_Work instructions_
Copy exactly, and only, the lines from the line containing "this 1800×1200 image." through the last line of the records below, both included.

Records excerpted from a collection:
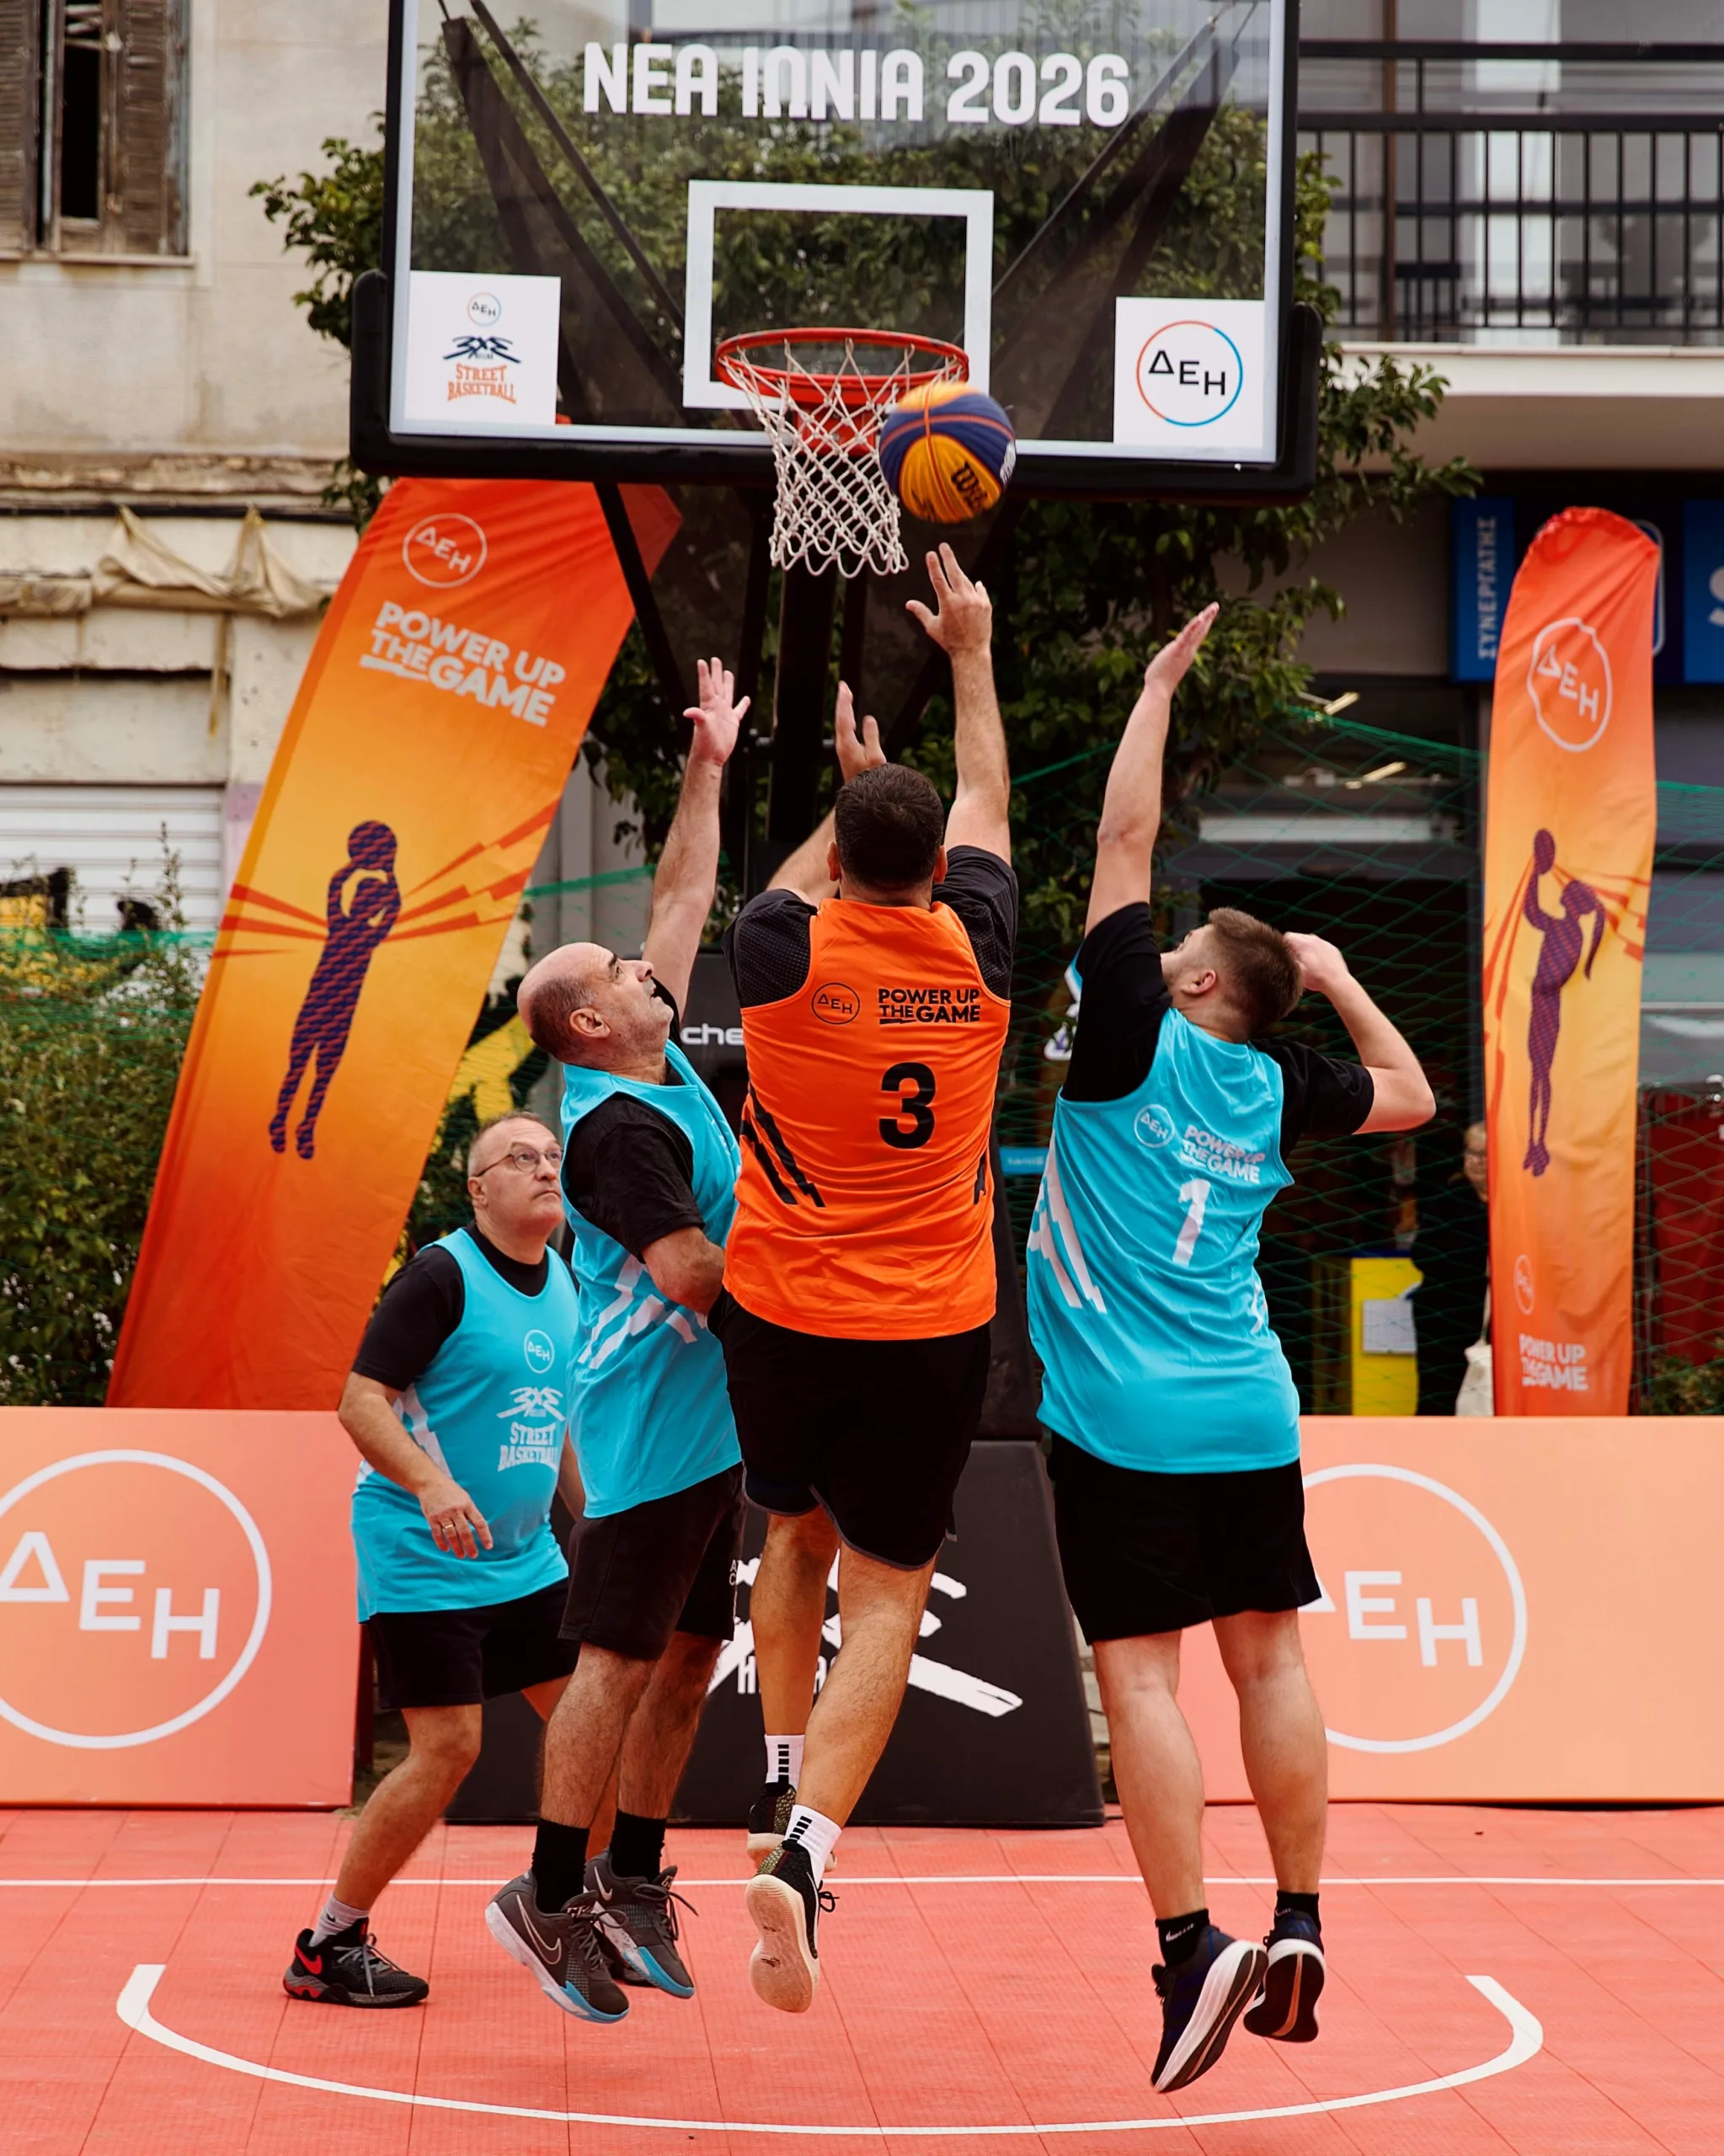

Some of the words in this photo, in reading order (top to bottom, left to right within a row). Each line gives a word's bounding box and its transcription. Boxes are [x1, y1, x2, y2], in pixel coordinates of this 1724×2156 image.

[584, 42, 719, 116] ΝΕΑ
[742, 45, 924, 121] ΙΩΝΙΑ
[947, 51, 1129, 128] 2026
[456, 363, 507, 382] STREET
[1149, 350, 1225, 396] ΔΕΗ
[447, 382, 516, 404] BASKETBALL
[415, 526, 472, 574] ΔΕΗ
[375, 600, 510, 673] POWER
[513, 650, 566, 689] UP
[371, 628, 434, 672] THE
[428, 655, 556, 728] GAME
[1536, 643, 1599, 723] ΔΕΗ
[817, 993, 853, 1014] ΔΕΗ
[878, 989, 952, 1004] POWER
[956, 988, 980, 1003] UP
[879, 1005, 914, 1018] THE
[915, 1005, 980, 1023] GAME
[878, 1062, 936, 1149] 3
[1140, 1113, 1168, 1140] ΔΕΗ
[1184, 1124, 1246, 1159] POWER
[1182, 1139, 1209, 1162] THE
[1207, 1153, 1261, 1184] GAME
[1172, 1178, 1211, 1267] 1
[527, 1341, 550, 1360] ΔΕΗ
[1557, 1343, 1586, 1364] UP
[510, 1422, 556, 1445] STREET
[497, 1444, 559, 1472] BASKETBALL
[0, 1531, 221, 1659] ΔΕΗ
[1298, 1572, 1483, 1666] ΕΗ
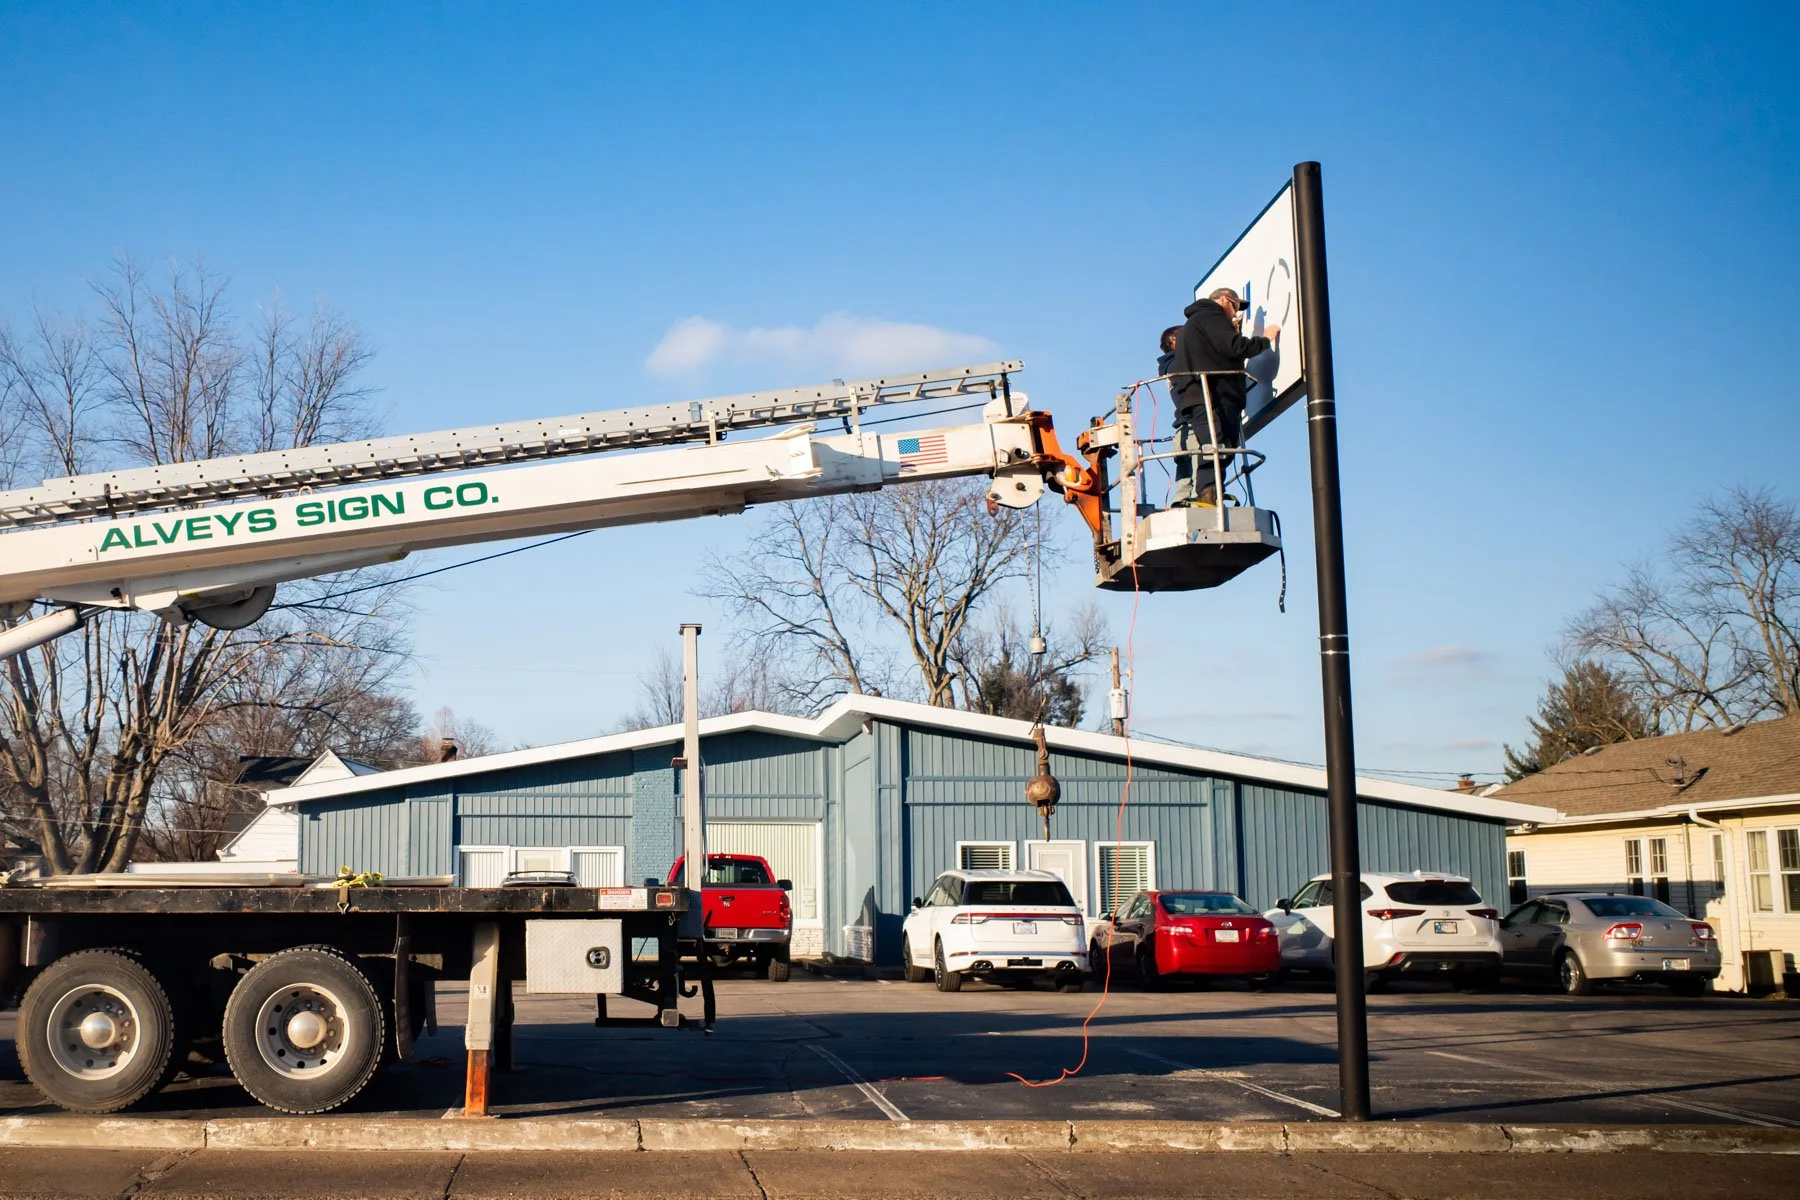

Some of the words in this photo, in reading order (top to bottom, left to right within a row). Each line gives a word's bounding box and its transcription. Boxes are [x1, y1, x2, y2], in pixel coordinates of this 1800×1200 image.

[99, 507, 278, 553] ALVEYS
[294, 490, 406, 527] SIGN
[422, 481, 500, 511] CO.

_Answer_
Some of the words in this photo, in reading order (top to bottom, left to right within a row). Each line gives a word's bounding box and its transcription. Boxes are [x1, y1, x2, y2], in pixel coordinates of this 1800×1200 image.

[99, 507, 278, 553] ALVEYS
[294, 490, 406, 527] SIGN
[422, 481, 500, 511] CO.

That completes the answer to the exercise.